● WORK INSTRUCTIONS: Each line from the one containing "this 1600×1066 image." onward, through the end of the entries, is to be transcribed exactly; nothing else is to be included.

● Data entries:
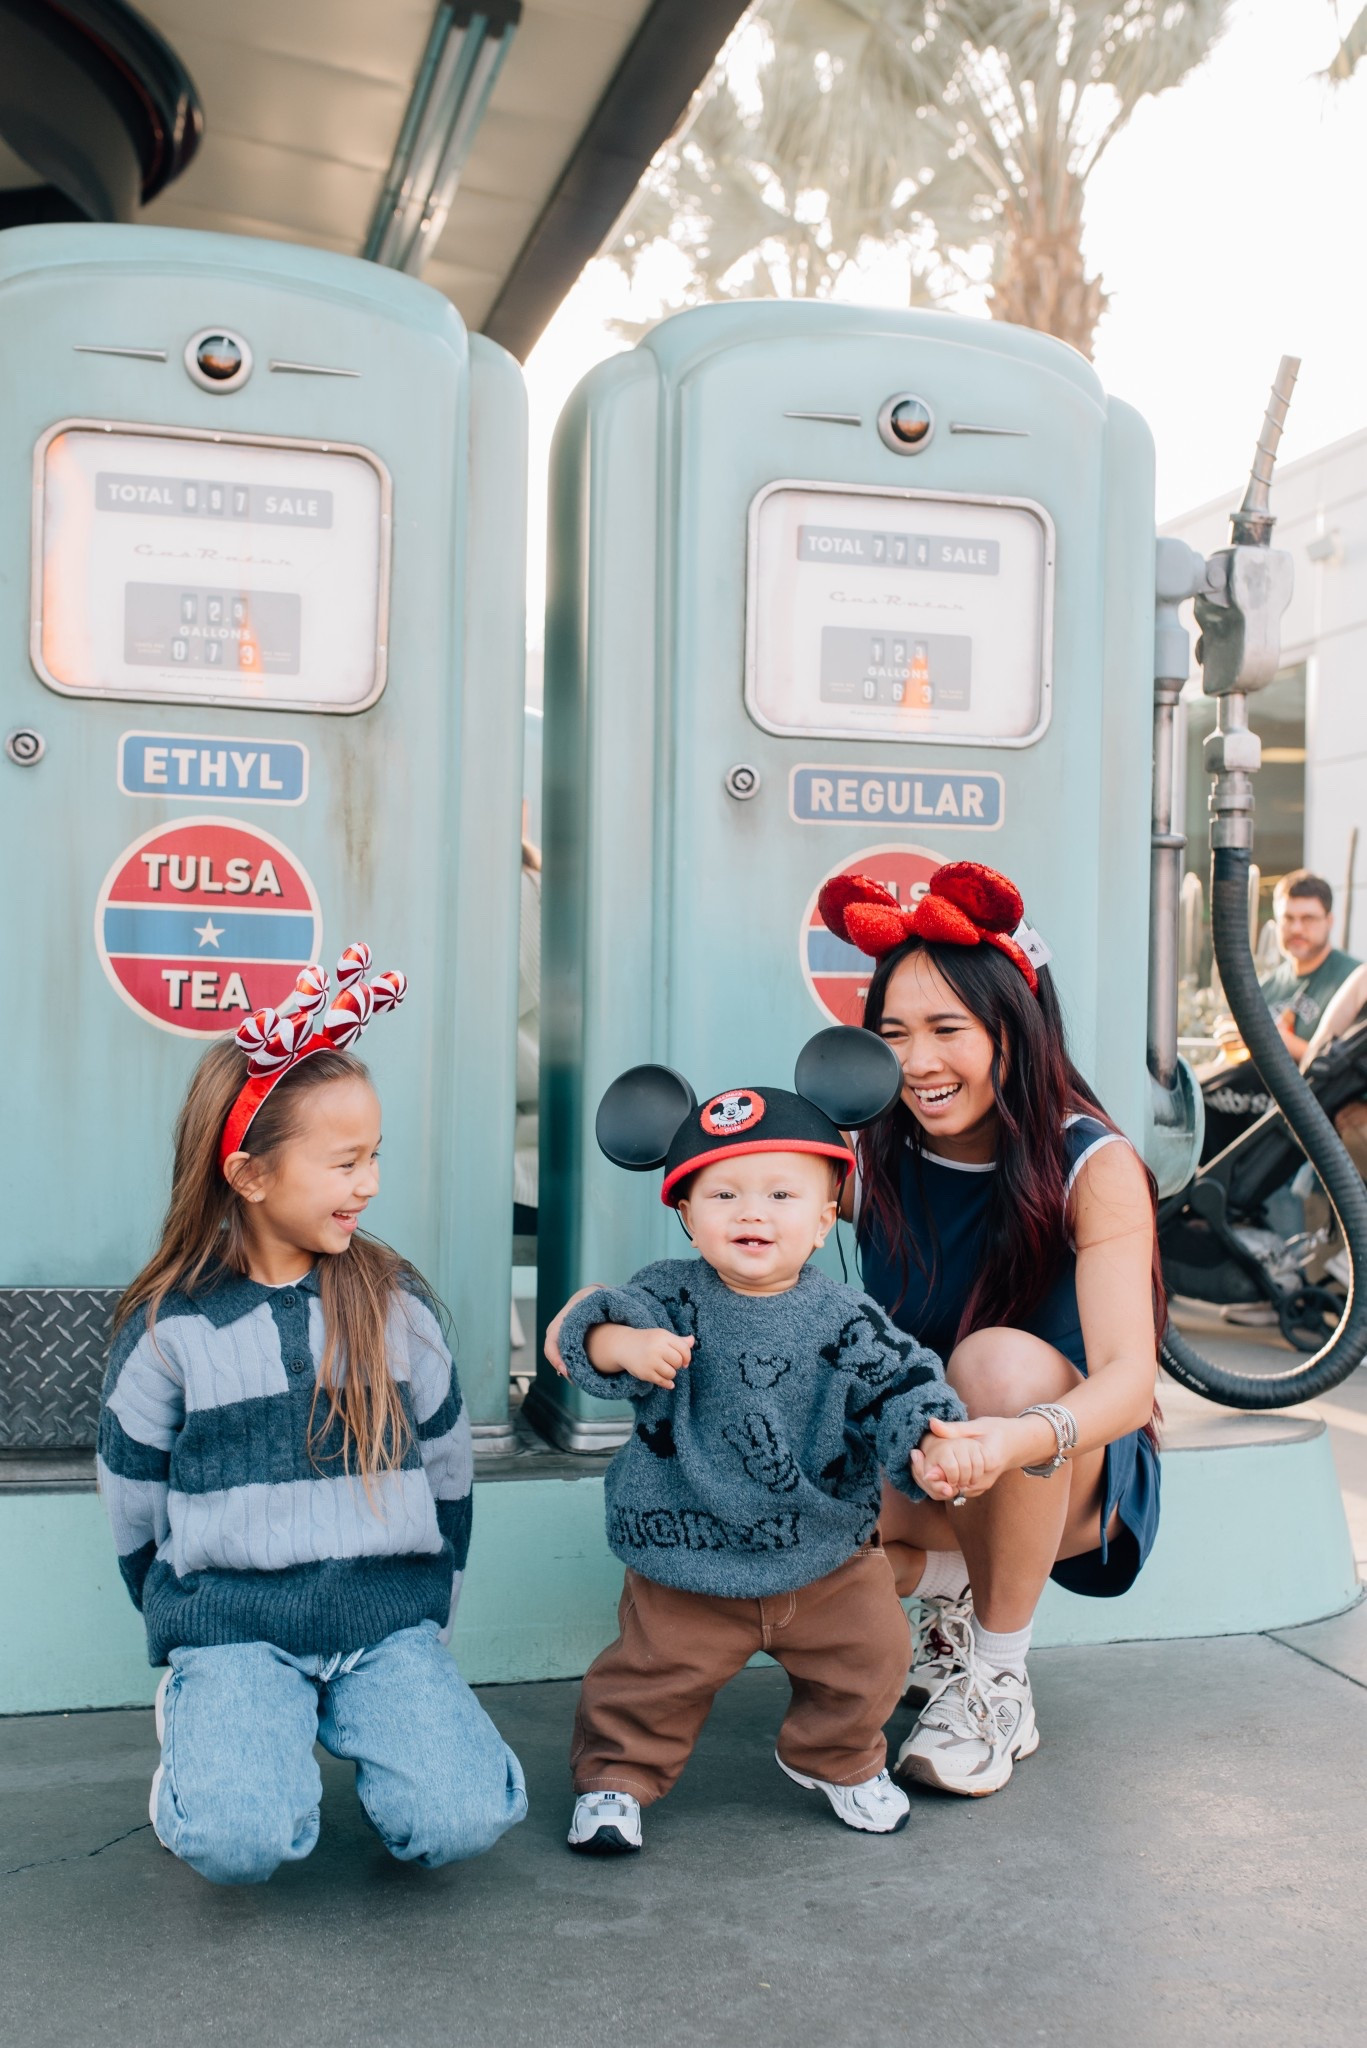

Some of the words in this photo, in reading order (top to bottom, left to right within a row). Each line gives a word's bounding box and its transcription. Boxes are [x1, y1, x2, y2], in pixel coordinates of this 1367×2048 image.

[109, 483, 174, 505] TOTAL
[265, 496, 319, 517] SALE
[808, 536, 864, 556] TOTAL
[941, 546, 988, 566] SALE
[179, 625, 251, 641] GALLONS
[867, 666, 929, 680] GALLONS
[144, 747, 283, 790] ETHYL
[810, 778, 985, 818] REGULAR
[141, 853, 284, 897] TULSA
[161, 969, 252, 1011] TEA
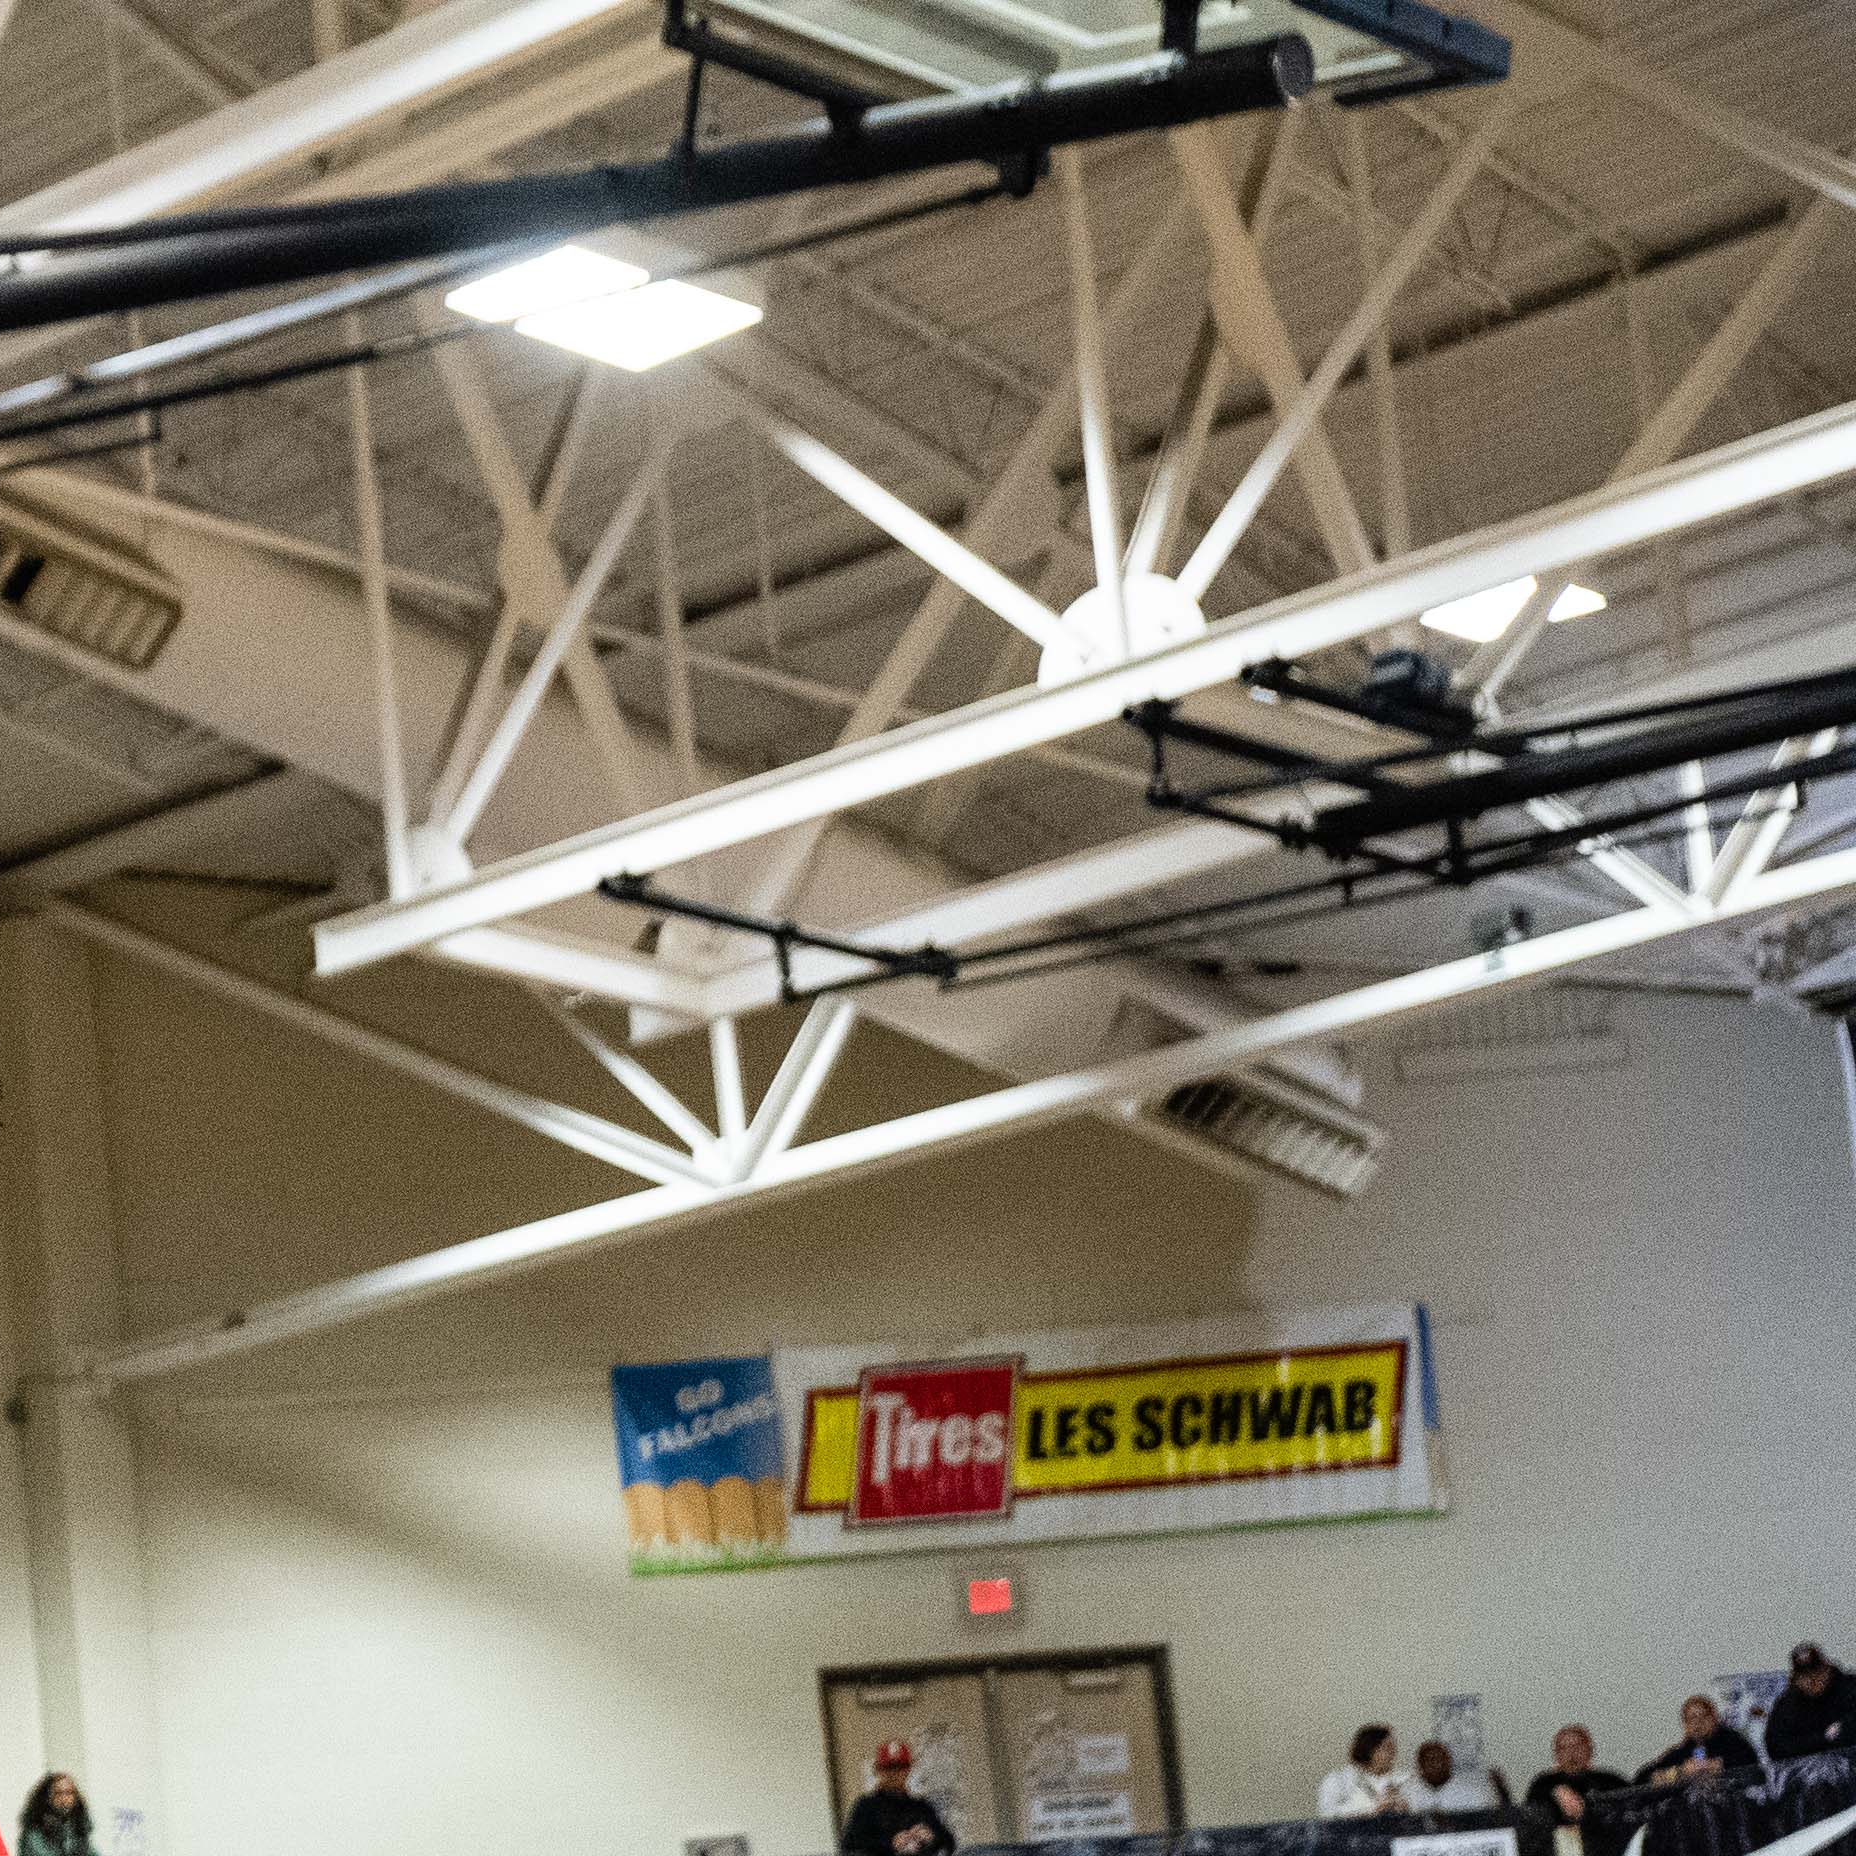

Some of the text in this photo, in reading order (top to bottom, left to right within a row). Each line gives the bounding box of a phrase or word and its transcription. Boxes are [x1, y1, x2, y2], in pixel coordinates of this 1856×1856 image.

[868, 1377, 1377, 1486] Tires LES SCHWAB
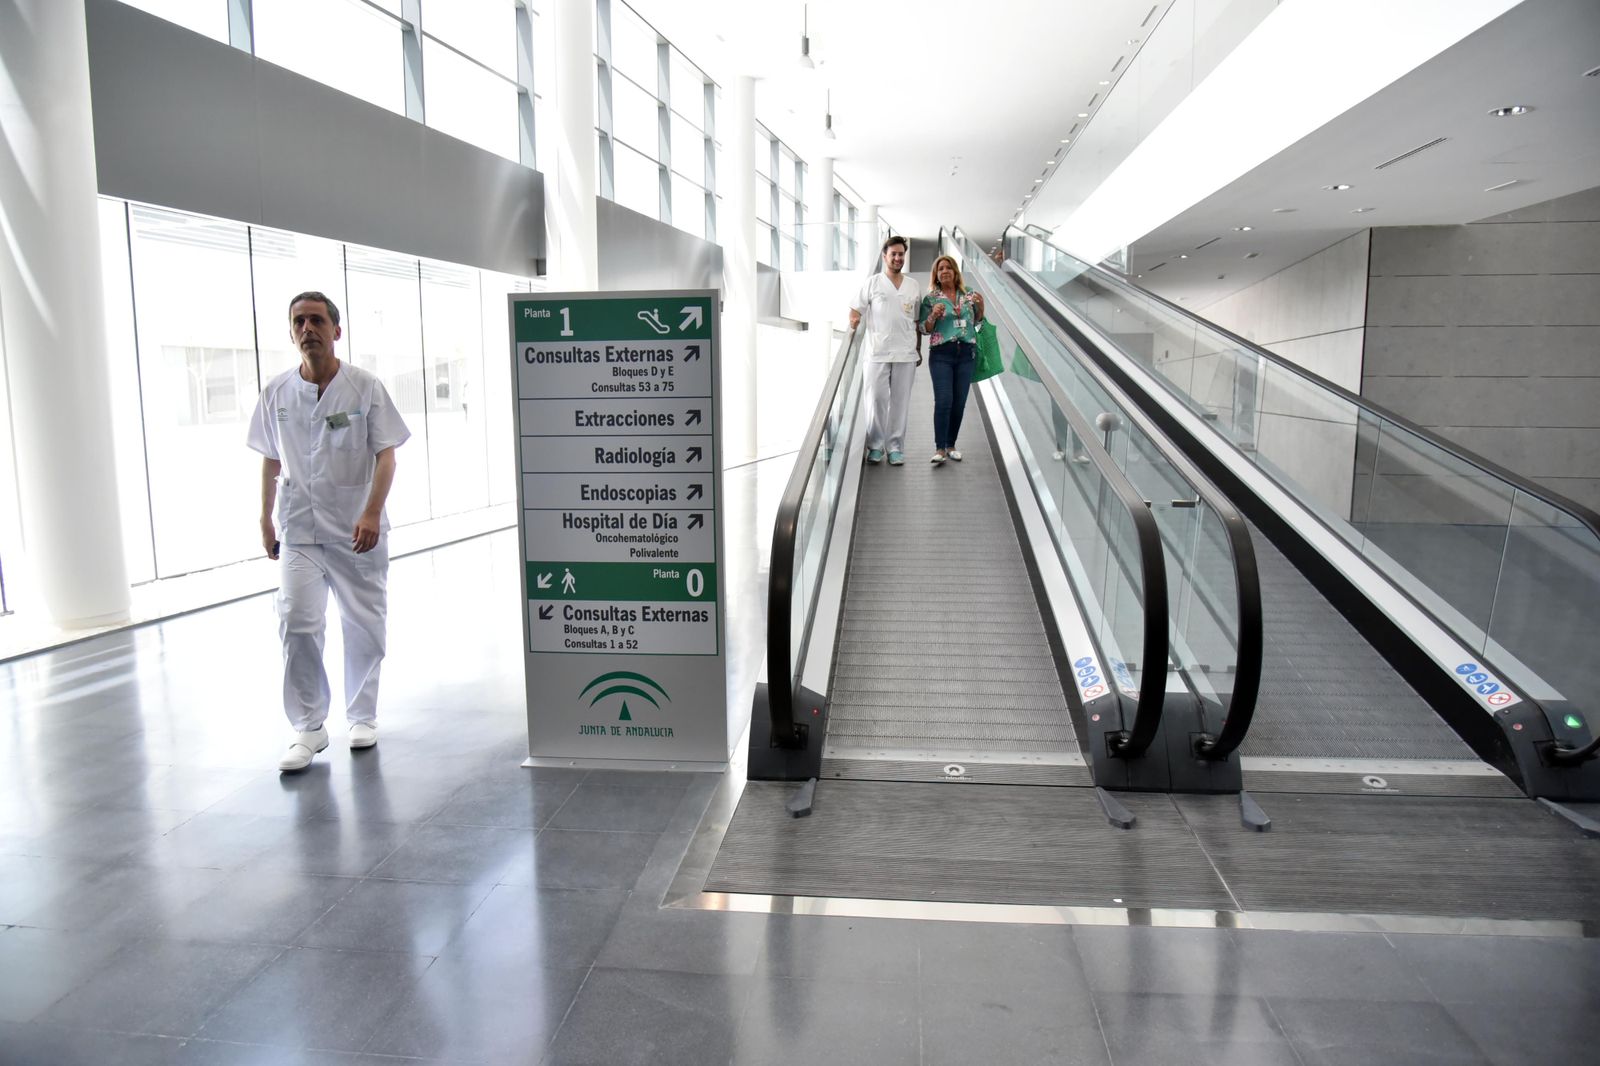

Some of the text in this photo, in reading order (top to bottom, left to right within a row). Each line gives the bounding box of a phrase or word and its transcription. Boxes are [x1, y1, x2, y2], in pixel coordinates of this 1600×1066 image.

[524, 308, 551, 318] Planta
[559, 307, 574, 337] 1
[525, 345, 674, 364] Consultas Externas
[612, 366, 674, 378] Bloques D y E
[592, 382, 636, 393] Consultas
[638, 382, 651, 392] 53
[662, 382, 674, 391] 75
[575, 410, 675, 427] Extracciones
[595, 447, 676, 467] Radiología
[581, 484, 677, 504] Endoscopias
[562, 512, 678, 532] Hospital de Día
[595, 533, 679, 545] Oncohematológico
[630, 548, 679, 558] Polivalente
[653, 569, 680, 578] Planta
[686, 568, 704, 597] 0
[563, 605, 708, 622] Consultas Externas
[564, 625, 634, 637] Bloques A, B y C
[564, 639, 607, 649] Consultas
[610, 640, 615, 649] 1
[626, 640, 638, 650] 52
[578, 725, 674, 737] JUNTA DE ANDALUCIA

● REPLY:
Some of the text in this photo, in reading order (top to bottom, left to right within a row). Each line gives the bounding box of a phrase or word and its transcription. Boxes are [x1, y1, x2, y2], in pixel coordinates of this 1600×1066 image.

[524, 308, 551, 318] Planta
[559, 307, 574, 337] 1
[525, 345, 674, 364] Consultas Externas
[612, 366, 674, 378] Bloques D y E
[592, 382, 636, 393] Consultas
[638, 382, 651, 392] 53
[662, 382, 674, 391] 75
[575, 410, 675, 427] Extracciones
[595, 447, 676, 467] Radiología
[581, 484, 677, 504] Endoscopias
[562, 512, 678, 532] Hospital de Día
[595, 533, 679, 545] Oncohematológico
[630, 548, 679, 558] Polivalente
[653, 569, 680, 578] Planta
[686, 568, 704, 597] 0
[563, 605, 708, 622] Consultas Externas
[564, 625, 634, 637] Bloques A, B y C
[564, 639, 607, 649] Consultas
[610, 640, 615, 649] 1
[626, 640, 638, 650] 52
[578, 725, 674, 737] JUNTA DE ANDALUCIA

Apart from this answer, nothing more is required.